Jonathan Blitzer, Emerson Collective Fellow, is a staff writer at the New Yorker. His book, titled Everyone Who Is Gone Is Here: The United States, Central America, and the Making of a Crisis, is a narrative history of regional migration to the United States from the 1980s to the present, with a focus on El Salvador, Guatemala, and Honduras. Blitzer is a recipient of an Edward R. Murrow Award and a National Award for Education Reporting.

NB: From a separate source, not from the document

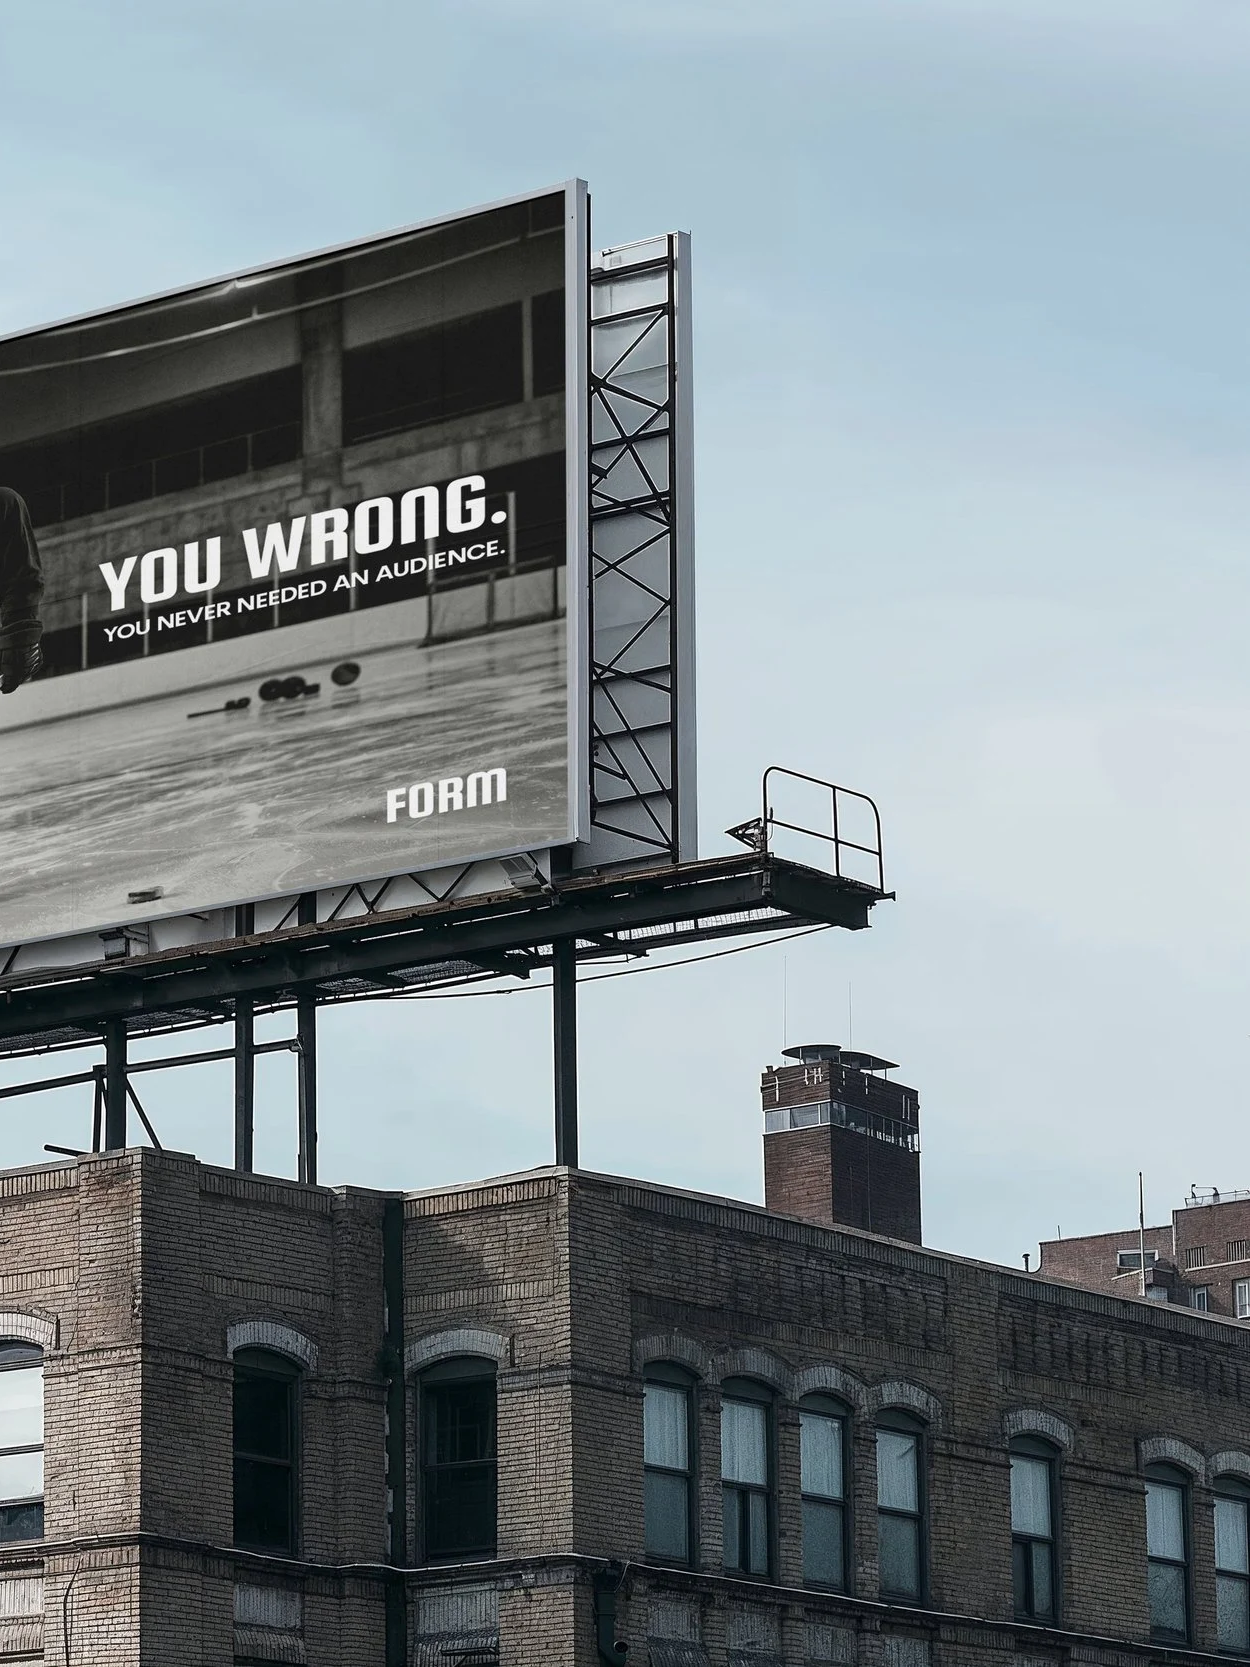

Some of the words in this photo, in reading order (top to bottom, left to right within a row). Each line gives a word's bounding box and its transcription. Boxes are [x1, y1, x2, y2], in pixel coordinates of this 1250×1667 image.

In 2018, he received the Immigration Journalism Prize from the French-American Foundation and a Media Leadership Award from the American Immigration Lawyers Association.
Selected Works:
- The Deportees Taking Our Calls: A story about the legacy of mass deportation between the U.S. and El Salvador centering on call-centers staffed by deportees.
- The Teens Trapped Between a Gang and the Law: A story about Central Americans living on Long Island, New York, who are trapped between gangs with ties to their homelands and immigration agents emboldened in the Trump Era.
- How Stephen Miller Manipulates Donald Trump to Further His Immigration Obsession: A profile of White House advisor Stephen Miller, the architect of the most thoroughgoing assault on immigration in decades.
- How Climate Change Is Fuelling the U.S. Border Crisis: A report from the western highlands of Guatemala analyzing how climate change is driving people from their homes and fueling mass migration in the region.
- A Small Town in Mexico Prepares to Double in Size With the Arrival of the Migrant Caravan: A dispatch from Oaxaca, Mexico, where a caravan of Honduran migrants stopped en route to the U.S. in the fall of 2018.